## Work task
Your job is to return each record exactly, minus any pictures.

## Record extracts
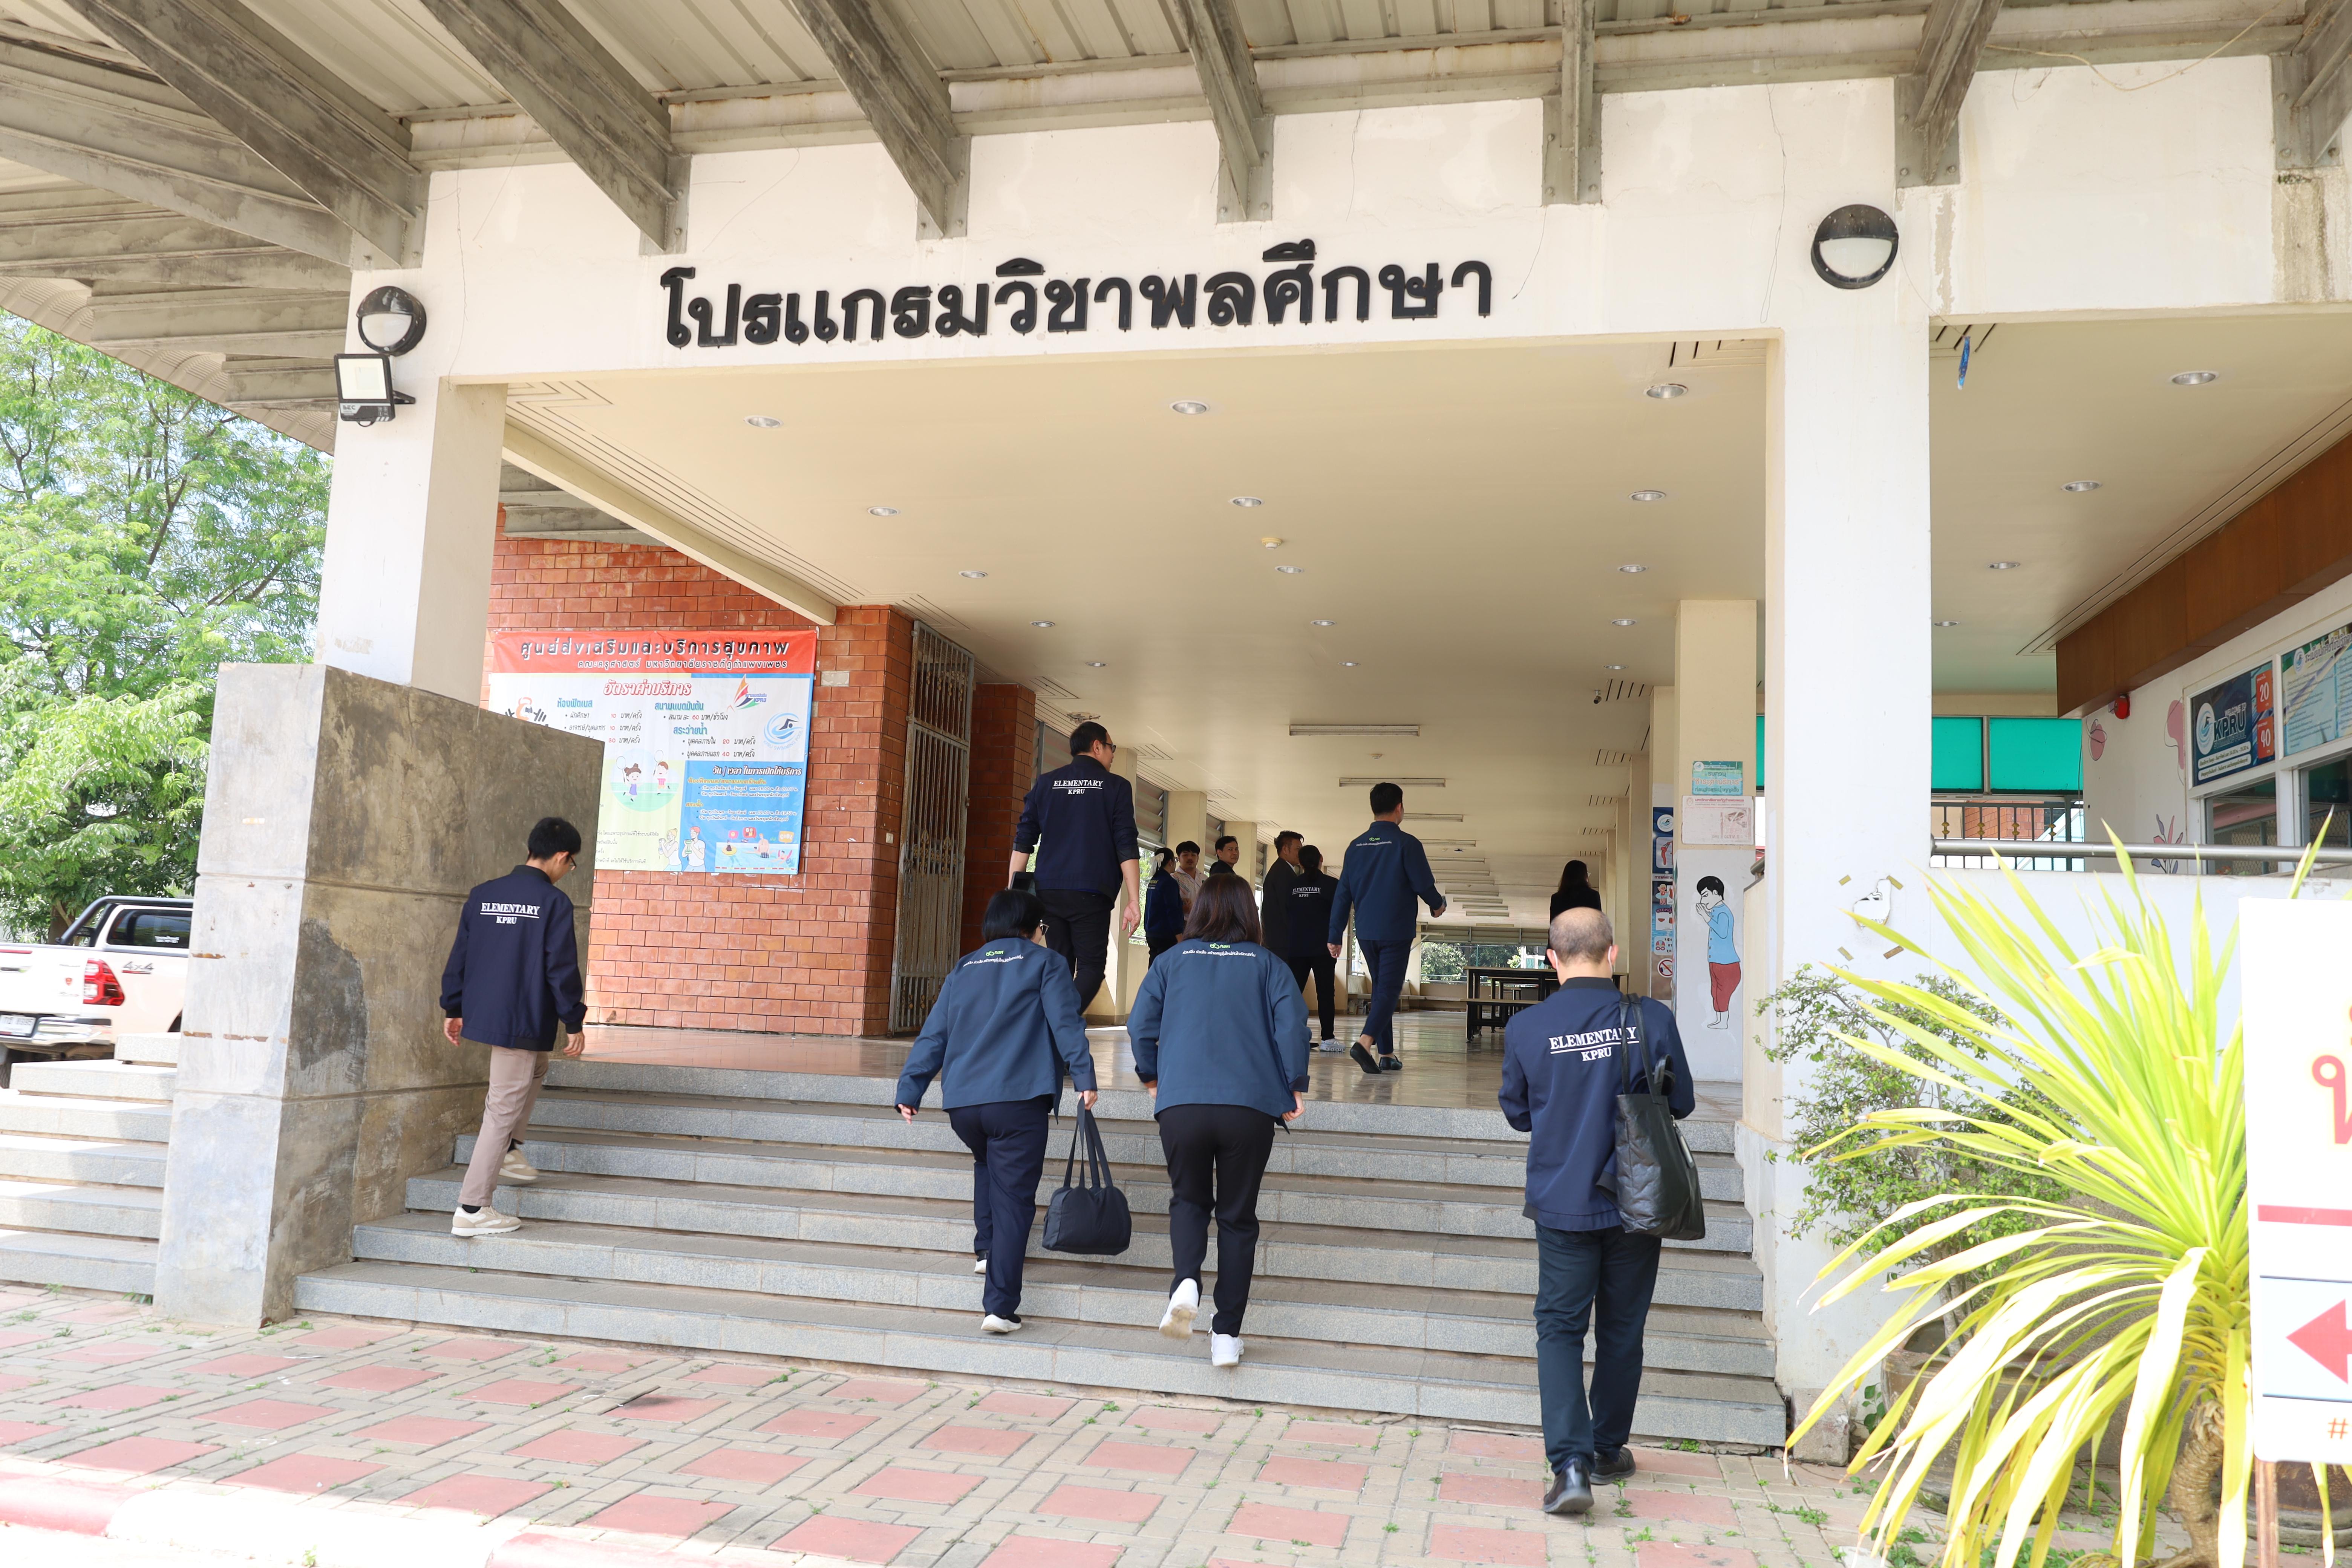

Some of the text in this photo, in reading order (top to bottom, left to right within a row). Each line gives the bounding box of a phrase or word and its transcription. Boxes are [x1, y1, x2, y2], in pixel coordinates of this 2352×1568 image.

[660, 238, 1491, 349] โปรแกรมวิชาพลศึกษา
[521, 637, 789, 660] ศูนย์ส่งเสริมและบริการสุขภาพ
[577, 658, 641, 670] คณะครุศาสตร์
[603, 679, 691, 695] อัตราค่าบริการ
[2260, 682, 2269, 702] 20
[557, 697, 593, 708] ห้องฟิตเนส
[570, 710, 590, 719] นักศึกษา
[2225, 704, 2241, 717] WELCOME
[674, 722, 707, 735] สระว่ายน้ำ
[2214, 709, 2246, 742] KPRU
[2261, 728, 2271, 747] 40
[481, 902, 540, 915] ELEMENTARY
[496, 916, 517, 924] KPRU
[123, 961, 153, 970] 4x4
[1581, 1047, 1612, 1061] KPRU

## Exercise result
Some of the text in this photo, in reading order (top to bottom, left to right within a row). Each line gives the bounding box of a phrase or word and its transcription. Boxes are [x1, y1, x2, y2], in pixel coordinates of this 2352×1568 image.

[660, 238, 1491, 349] โปรแกรมวิชาพลศึกษา
[521, 637, 789, 660] ศูนย์ส่งเสริมและบริการสุขภาพ
[577, 658, 641, 670] คณะครุศาสตร์
[603, 679, 691, 695] อัตราค่าบริการ
[2260, 682, 2269, 702] 20
[557, 697, 593, 708] ห้องฟิตเนส
[570, 710, 590, 719] นักศึกษา
[2225, 704, 2241, 717] WELCOME
[674, 722, 707, 735] สระว่ายน้ำ
[2214, 709, 2246, 742] KPRU
[2261, 728, 2271, 747] 40
[481, 902, 540, 915] ELEMENTARY
[496, 916, 517, 924] KPRU
[123, 961, 153, 970] 4x4
[1581, 1047, 1612, 1061] KPRU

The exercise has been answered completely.